### Work task
Please retype the records below exactly, leaving out any pictures.

Text-to-region grounding data
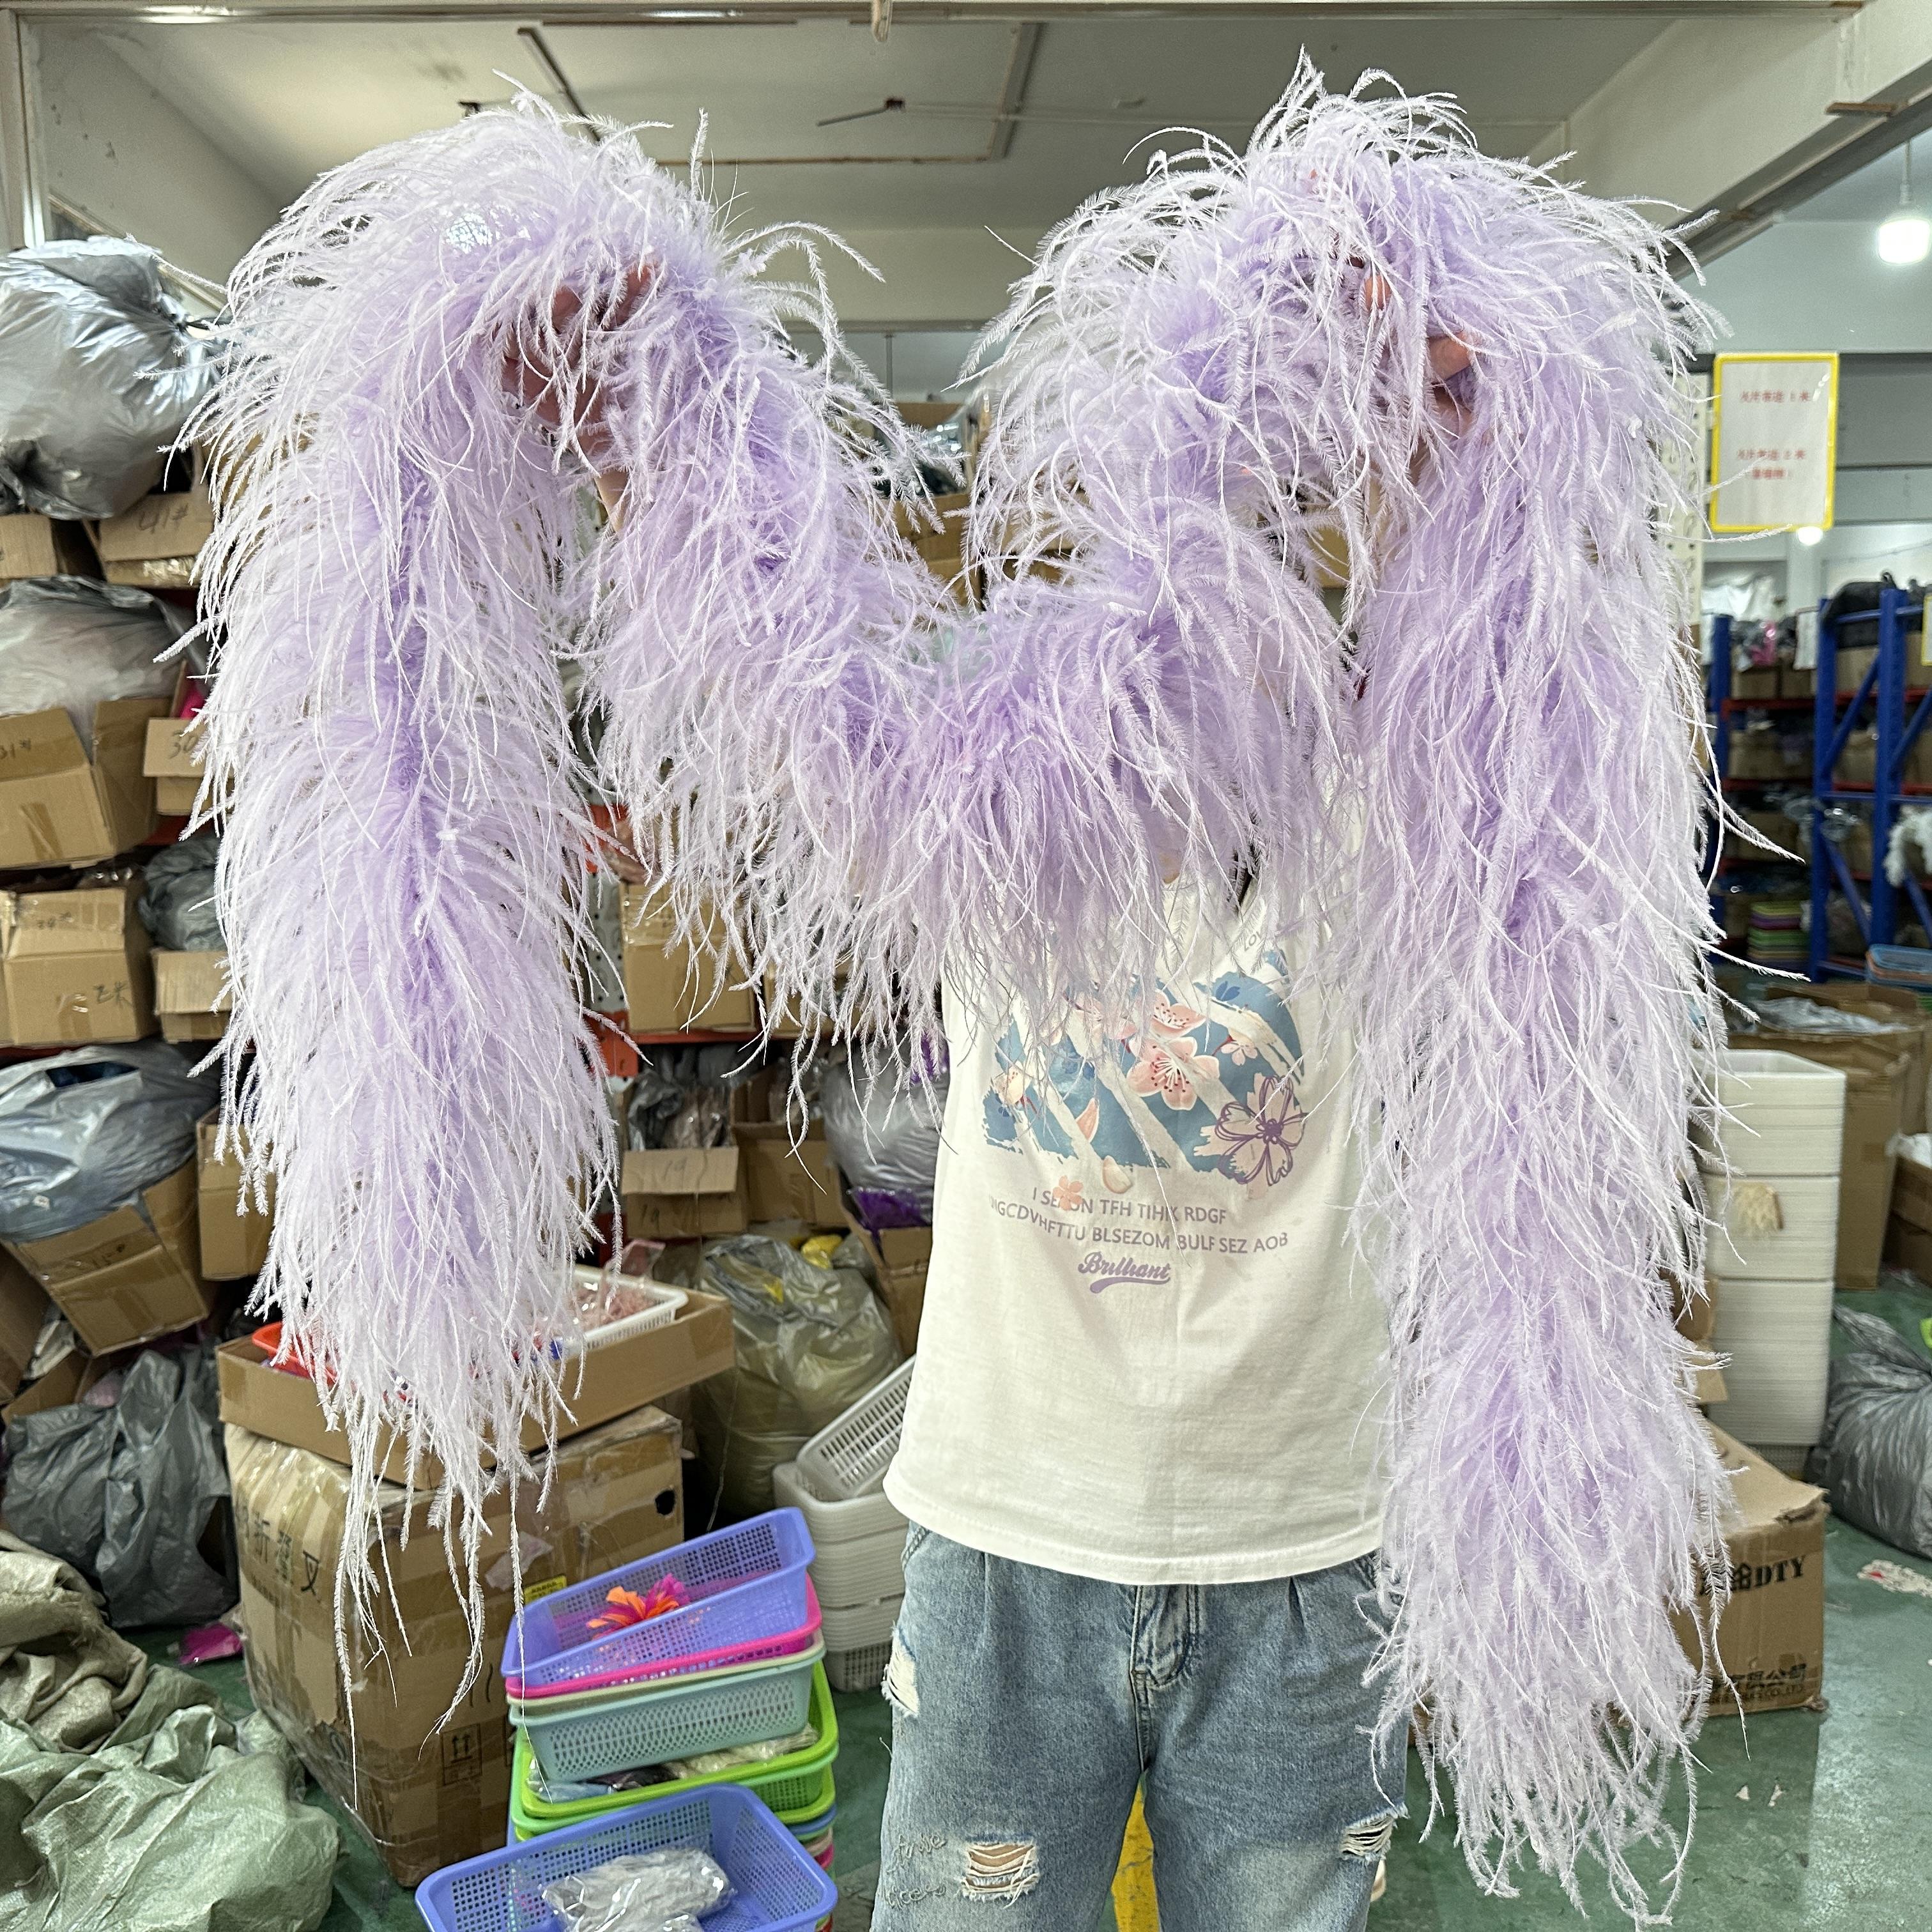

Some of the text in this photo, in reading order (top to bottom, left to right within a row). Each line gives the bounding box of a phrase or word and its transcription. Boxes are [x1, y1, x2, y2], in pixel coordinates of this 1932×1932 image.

[1032, 1187, 1037, 1200] I
[1100, 1199, 1131, 1216] TFH
[1184, 1206, 1227, 1225] RDGF
[1092, 1227, 1170, 1250] BLSEZOM
[1218, 1238, 1248, 1254] SEZ
[1253, 1232, 1288, 1253] AOB
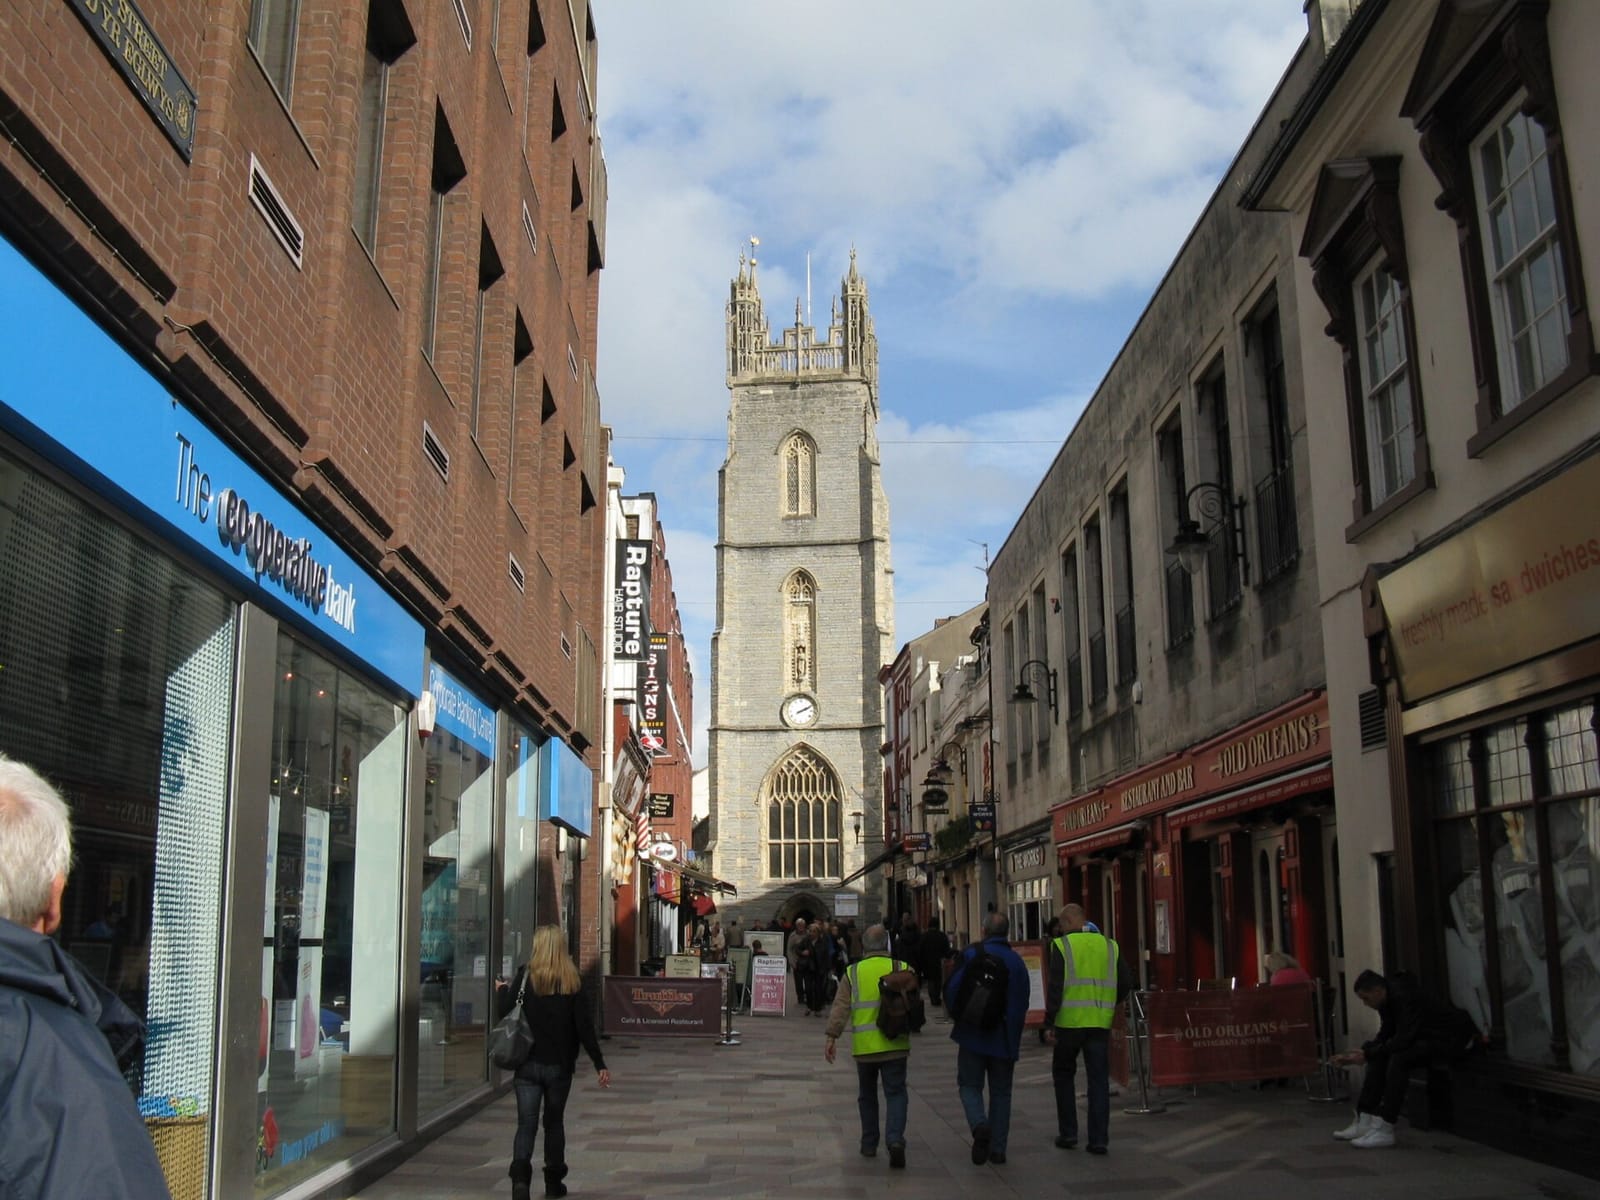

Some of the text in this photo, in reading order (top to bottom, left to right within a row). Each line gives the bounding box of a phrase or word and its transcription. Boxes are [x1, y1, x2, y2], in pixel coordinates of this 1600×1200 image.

### Output for this task
Some of the text in this photo, in reading order (top to bottom, left to right within a row). Each line gives the bounding box of a phrase or word and its transcription. Boxes are [x1, y1, x2, y2], in pixel coordinates of this 1932×1932 image.

[1032, 1187, 1037, 1200] I
[1100, 1199, 1131, 1216] TFH
[1184, 1206, 1227, 1225] RDGF
[1092, 1227, 1170, 1250] BLSEZOM
[1218, 1238, 1248, 1254] SEZ
[1253, 1232, 1288, 1253] AOB

Some of the text in this photo, in reading order (top to bottom, left to right within a row). Each line gives the bounding box of a phrase or word and its transcription. Boxes are [x1, y1, x2, y2], in pixel coordinates of this 1600×1200 image.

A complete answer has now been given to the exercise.